Bibbiano, al diavolo la prudenza

C’è qualcuno che guarda con fastidio alla pressante richiesta proveniente da più parti e tesa a togliere la sordina mediatica ai fatti di Bibbiano. Le argomentazioni usate a sostegno della predetta tesi sono nobili. Esse riguardano anzitutto la salute dei bambini già messa a dura prova da un sistema che avrebbe dovuto tutelarli mentre invece li ha resi oggetto di un turpe mercimonio.

Inoltre a supporto della tesi giustificazionista si oppone il garantismo: le indagini sono in corso per cui è necessario attendere con serenità la conclusione delle stesse prima di sbattere il mostro in prima pagina. I più raffinati oppongono anche argomentazioni di tipo tecnico-giuridico tese a sfatare il mito del coinvolgimento della politica in questa storia oscena.

Qualcuno infatti obietta che a carico del sindaco pro tempore di Bibbiano sussista una mera accusa per reati contro la Pubblica amministrazione: abuso d’ufficio e falso ideologico. Secondo il suo legale, si tratta di accuse che “In sostanza riguardano la maggior parte delle attività che vengono svolte da tutti i Comuni in Italia nell’affidamento di incarichi e prestazioni a soggetti che possono essere associazioni o professionisti”. Quindi un mero coinvolgimento di tipo amministrativo teso a sostenere che in una così piccola comunità una simile tratta di esseri umani possa passare inosservata alla politica, alla giustizia, al sistema socio-assistenziale, al sistema sanitario, alla Pubblica sicurezza. Può darsi, è annoverabile tra le cose teoricamente possibili.

Dal punto di vista delle terapie, la tesi è alquanto melliflua perché sostiene che in realtà nessuno avrebbe utilizzato l’elettroshock sui bambini.

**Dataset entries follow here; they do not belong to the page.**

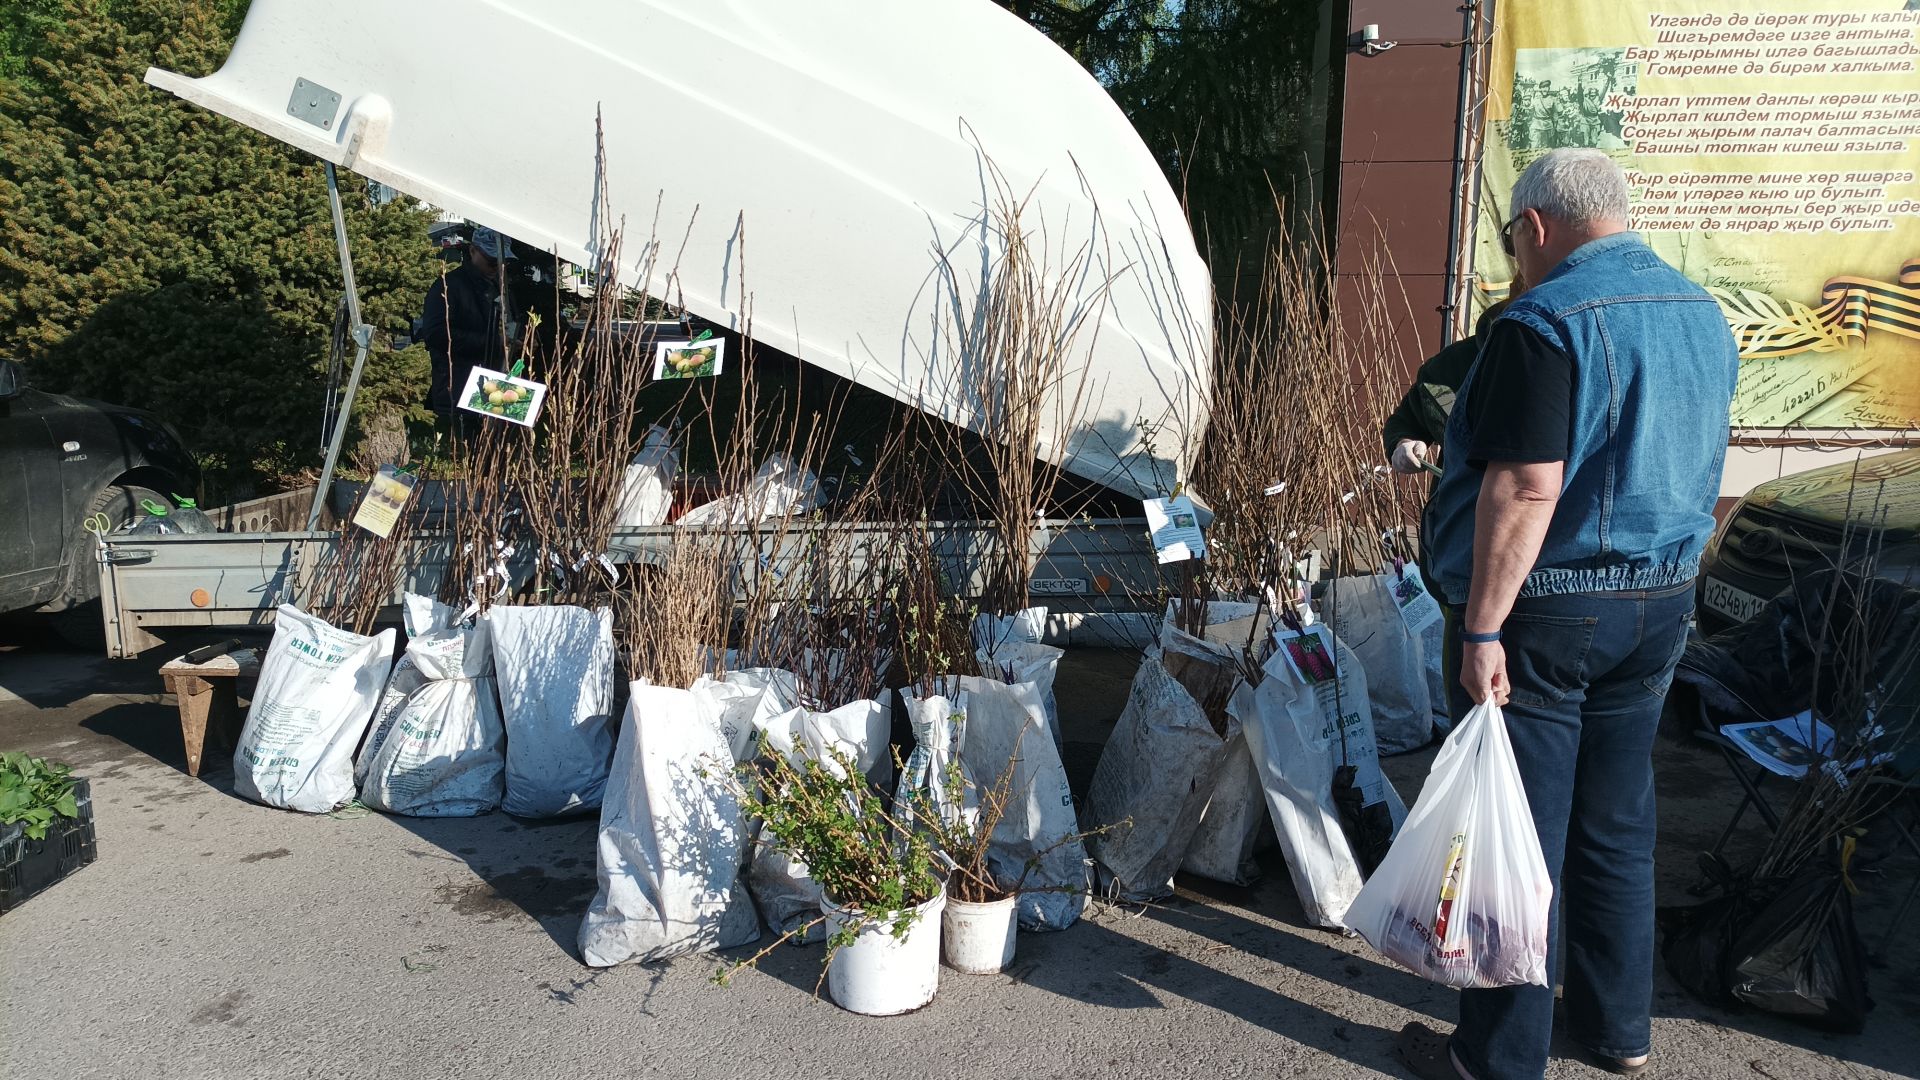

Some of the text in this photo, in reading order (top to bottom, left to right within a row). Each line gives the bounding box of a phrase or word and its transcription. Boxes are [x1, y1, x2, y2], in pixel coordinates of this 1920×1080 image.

[1649, 13, 1722, 27] Үлгәндә
[1727, 12, 1749, 26] дә
[1754, 12, 1809, 28] йөрәк
[1812, 12, 1866, 27] туры
[1657, 28, 1914, 45] Шигъремдәге изге антына.
[1625, 47, 1659, 62] Бар
[1663, 47, 1761, 61] җырымны
[1765, 46, 1808, 58] илгә
[1646, 60, 1915, 78] Гомремне дә бирәм халкыма.
[1605, 92, 1920, 110] Җырлап үттем данлы көрәш кыр
[1623, 109, 1920, 125] Җырлап килдем тормыш языма
[1623, 126, 1682, 140] Соңгы
[1685, 126, 1756, 140] җырым
[1760, 127, 1813, 137] палач
[1634, 140, 1908, 154] Башны тоткан килеш языла.
[1624, 172, 1914, 187] Җыр өйрәтте мине хөр яшәргә
[1643, 186, 1886, 202] һәм үләргә кыю ир булып.
[1673, 204, 1733, 215] минем
[1737, 204, 1800, 217] моңлы
[1803, 202, 1837, 217] бер
[1840, 203, 1883, 216] җыр
[1630, 216, 1894, 233] Үлемем дә яңрар җыр булып.
[1033, 580, 1081, 589] ВЕКТОР
[290, 637, 324, 660] TOWER
[269, 756, 299, 768] GREEN

Nell’ordinanza è scritto chiaramente che la cosiddetta “macchina dei ricordi”, utilizzata dalle psicoterapeute sottoposte ad indagine, altro non è se non un dispositivo Neurotek. Si tratta di un apparecchio usato nell’ambito della psicoterapia Emdr ed è accettato dalla comunità scientifica. Lo strumento non invia nessuna scarica elettrica ai bambini, permette piuttosto di mandare ai pazienti stimoli tattili e acustici. Beh, in effetti cambia tutto.

Un fattaccio insomma che ricorda molto quello del Forteto, la comunità toscana che avrebbe dovuto tutelare minori in difficoltà ma che invece li sottoponeva a torture psicologiche e sessuali. Anche in quel caso il legame tra l’organizzazione e la politica era fortissimo ed anche in quel caso si riuscì a tirarla per le lunghe grazie ad un sistema che scelse di fare quadrato tentando di mettere la mordacchia.

Vogliamo invece dire che quanto accaduto a Bibbiano è uno schifo? E vogliamo dirlo chiaramente? Vogliamo ammettere che fatichiamo abbastanza a credere che qualcuno sia riuscito a mettere in piedi una tratta così imponente senza che nessuno se ne accorgesse? E vogliamo aggiungerci un po’ di sdegno in più perché nella macabra vicenda qualcuno ha pensato di accanirsi sui bambini e su famiglie sfortunate? Ma come si permette certa politica e certa carta stampata anche solo di provare a indorare la pillola predicando cautela? E come si permette qualcuno di minacciare querele tentando di intimidire chi solo osa parlarne?

Che poi per predicare cautela devi essere anche credibile. Basta aprire un giornale qualsiasi per rendersi conto che a pagina uno c’è l’ennesima inchiesta per tangenti seguita pervicacemente e terminata con una condanna sui giornali prima che in tribunale. Sulla seconda pagina c’è la solita conta dei flirt di Silvio Berlusconi. Sulla terza c’è l’ennesimo viceministro indagato e sfiduciato a furor di popolo (magari poi assolto da un tribunale ma cosa conta). Poi c’è la solita condanna mediatica per prove indiziarie sull’ennesimo fatto (tutto da appurare) di razzismo. In cronaca ci sono zelanti perizie balistiche tese a dimostrare che non si trattasse di legittima difesa, ma di omicidio vero e proprio. Infine c’è un trafiletto su Bibbiano in cui si predica prudenza, garantismo, calma e sangue freddo. Parliamo di bambini, cavolo. Ma andate in vacca.

Al momento comunque attendiamo lo sviluppo delle indagini affinché chi è estraneo ai fatti, come il caso di Foti, possa avere giustizia al pari naturalmente dei bambini coinvolti.